::: RECORDS FOR PROCESSING

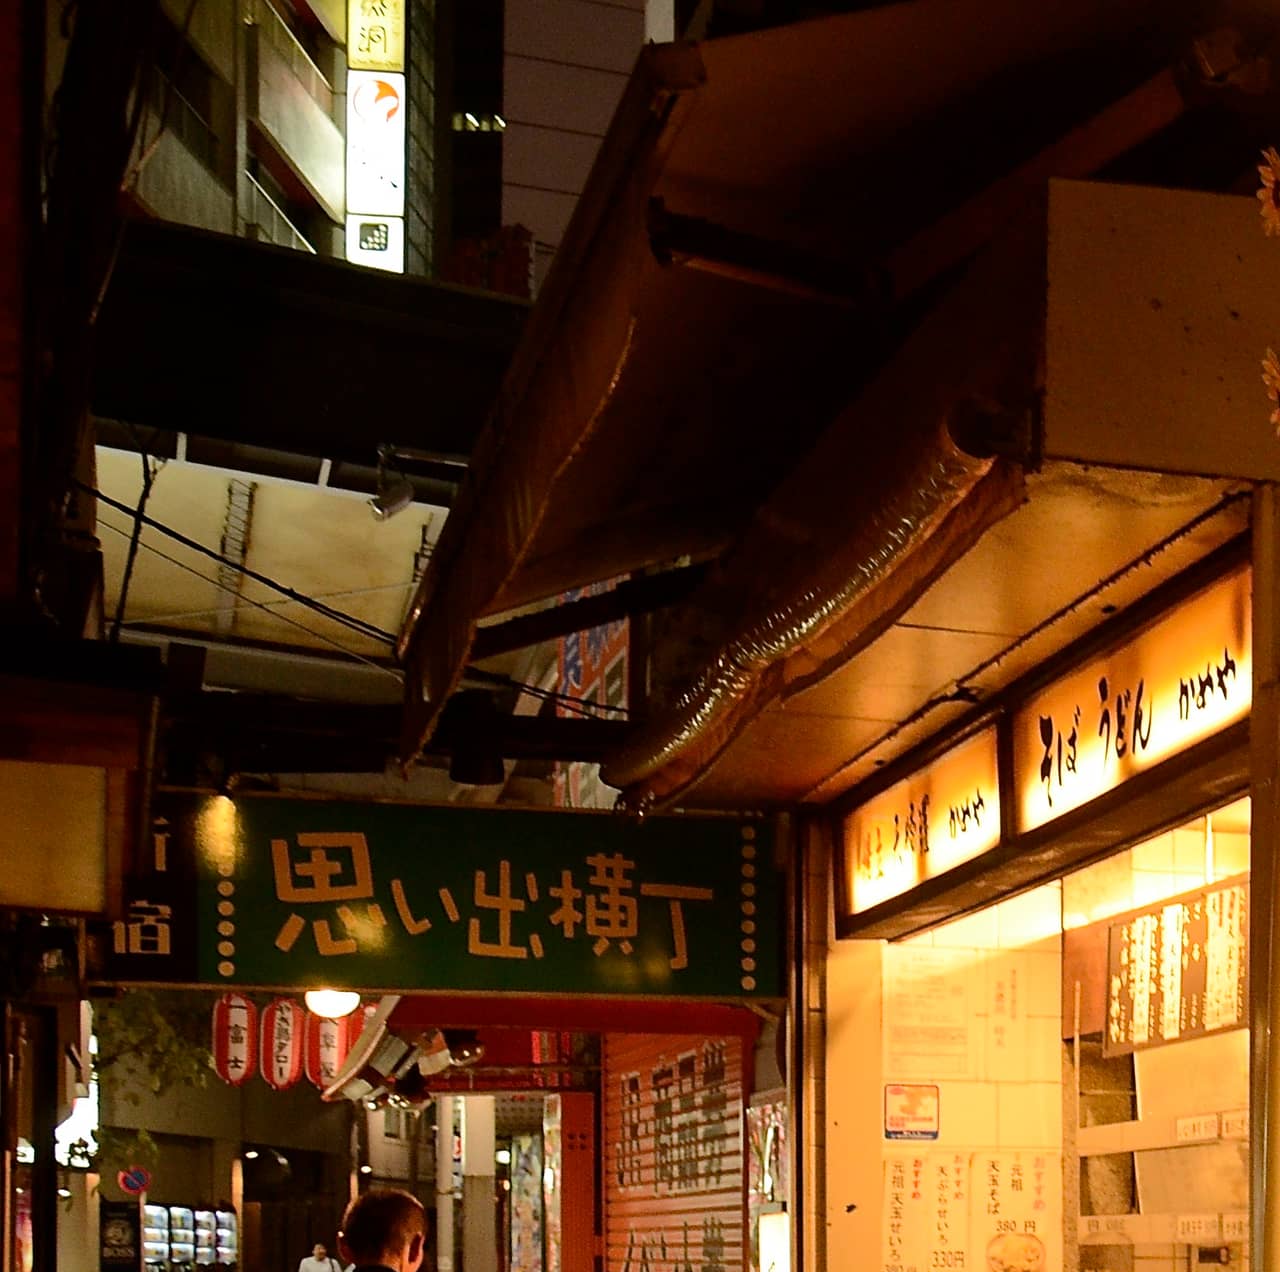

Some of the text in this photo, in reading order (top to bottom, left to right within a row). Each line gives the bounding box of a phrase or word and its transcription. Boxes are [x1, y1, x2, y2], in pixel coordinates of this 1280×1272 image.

[1039, 705, 1081, 807] そば
[1098, 677, 1152, 768] うどん
[271, 831, 714, 970] 思い出横丁
[228, 1004, 249, 1070] 一富士

::::::

ACTIVITY
Each entry must be set down word for word; no image may be carried over.

ANSWER TO THIS EXERCISE
Some of the text in this photo, in reading order (top to bottom, left to right within a row). Each line gives the bounding box of a phrase or word and its transcription. Boxes are [x1, y1, x2, y2], in pixel coordinates of this 1280×1272 image.

[1039, 705, 1081, 807] そば
[1098, 677, 1152, 768] うどん
[271, 831, 714, 970] 思い出横丁
[228, 1004, 249, 1070] 一富士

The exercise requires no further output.